This, the first comprehensive exhibition of Edvard Munch’s art in Australia, assembles more than 80 works from across the artist’s entire oeuvre – including paintings, prints, drawings, and watercolours. Some of these will constitute the seminal and well-known images of Munch’s early maturity, whilst the greater part will introduce a substantial body of work made from the early 1900s until shortly before his death – which is largely unknown here.
Perhaps more than any other artist, Edvard Munch has given shape to the inner life and psyche of modern man and is thus a precursor in the development of modern psychology. His images of existential dread, anxiety, loneliness and the complex emotions of human sexuality have become icons of our era. Most of us in the Western world know such images as The Scream, Anxiety, Jealousy, The Kiss, Madonna, Vampire, The Dance of Life.
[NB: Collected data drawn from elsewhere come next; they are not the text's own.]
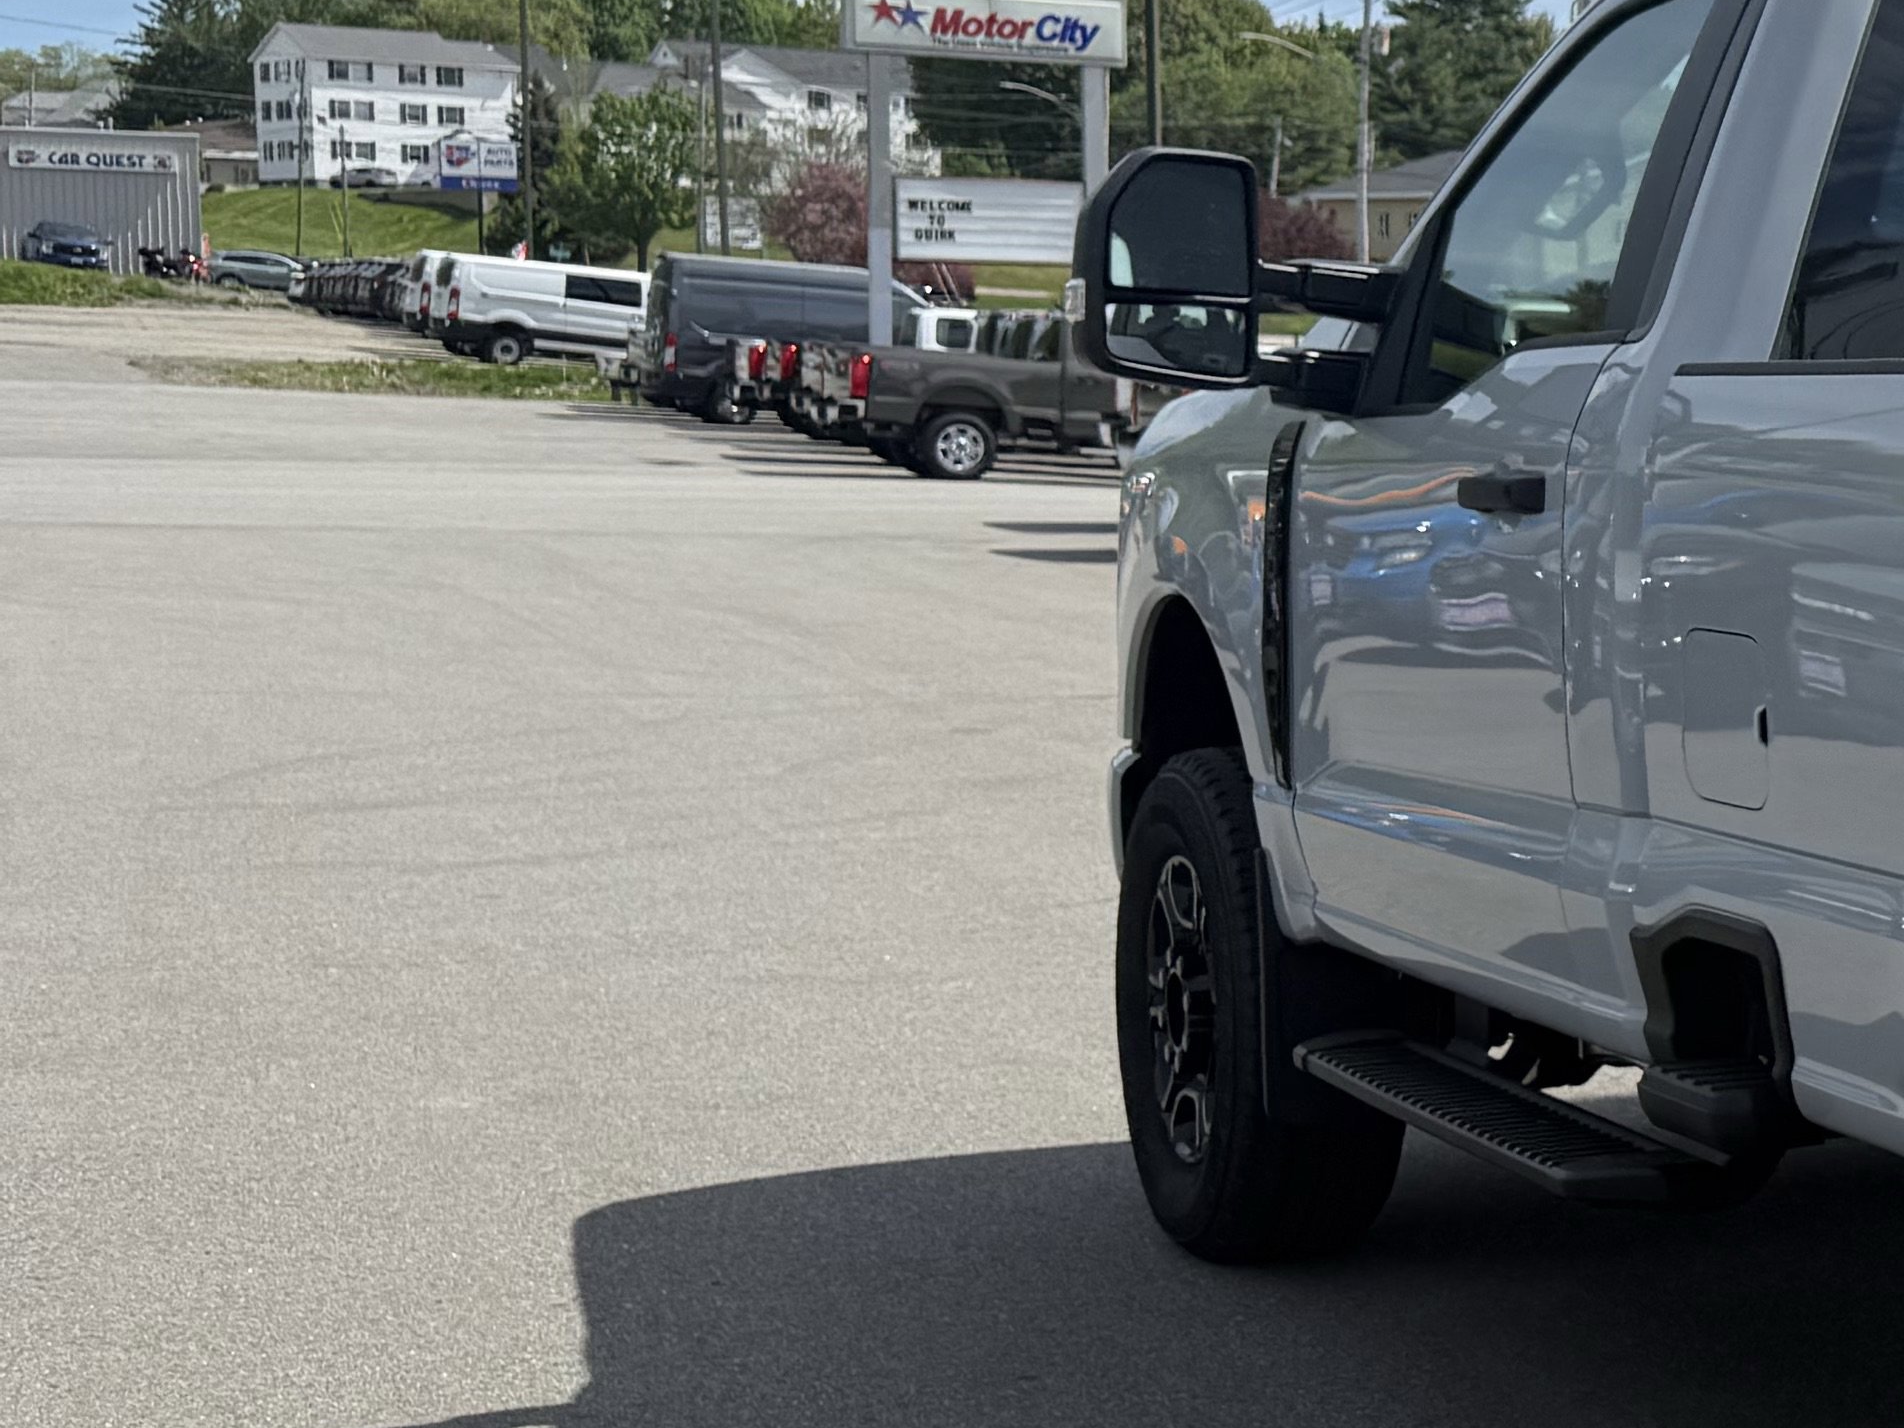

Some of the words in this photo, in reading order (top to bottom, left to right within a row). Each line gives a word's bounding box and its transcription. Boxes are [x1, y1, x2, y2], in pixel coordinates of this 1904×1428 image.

[931, 7, 1100, 52] MotorCity
[48, 151, 80, 165] CAR
[85, 152, 146, 168] QUEST
[908, 198, 973, 212] WELCOME
[928, 214, 946, 228] TO
Munch developed these great themes of Angst, Love, Sex and Death during the 1890s – a project he called the Frieze of Life – and to which he returned at the end of his life. These themes and the signature images will be represented in the exhibition by a few key paintings and a substantial number of prints and, in addition, some drawings which amplify the motifs and demonstrate their evolution in Munch’s thinking. Together this group of images will constitute about half the exhibition – the ‘known’ Munch.
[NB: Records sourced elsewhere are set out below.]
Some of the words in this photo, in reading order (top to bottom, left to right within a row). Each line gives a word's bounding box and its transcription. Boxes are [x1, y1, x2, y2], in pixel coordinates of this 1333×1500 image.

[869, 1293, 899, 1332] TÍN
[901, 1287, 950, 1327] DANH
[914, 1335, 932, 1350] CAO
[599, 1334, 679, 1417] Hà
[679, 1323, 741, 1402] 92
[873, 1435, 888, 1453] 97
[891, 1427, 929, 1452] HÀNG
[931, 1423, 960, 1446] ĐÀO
In 1908, following a period of emotional crisis, Munch suffered a nervous breakdown which necessitated a period of hospitalisation. After his recovery there was a significant change in his art – despite the frequent revisiting of his ‘Frieze of Life’ themes. With a few exceptions, a lyrical quality and calmer mood is evident in his painting and increasingly he turns to themes and subjects drawn from the external world: landscapes, portraiture and self-portraiture, figure studies – nudes, bathers – including heroic themes of labour. While Munch continued to make prints, these were largely re-workings of earlier subjects and ceased to be as innovative as the earlier work. Photography becomes a more integrated and exploratory means within his work – but, principally, he was occupied with painting. His painterly style becomes extraordinarily free, fluid and expressive – and often summary, in ways that seem surprisingly contemporary. There is a rich variety of imagery and mood in the work of his last three decades.
The latter part of the exhibition elects to concentrate on a few thematic groupings of these paintings: Landscapes, Portraits, Self-Portraits, and Nudes, Bathers and Figure Studies. While the works in this half of the exhibition (which constitute the ‘unknown’ Munch) have been selected in order to form coherent groupings, there are many connecting threads, ideas and echoes between these groups and to the ‘Frieze of Life’ works in the first part of the exhibition.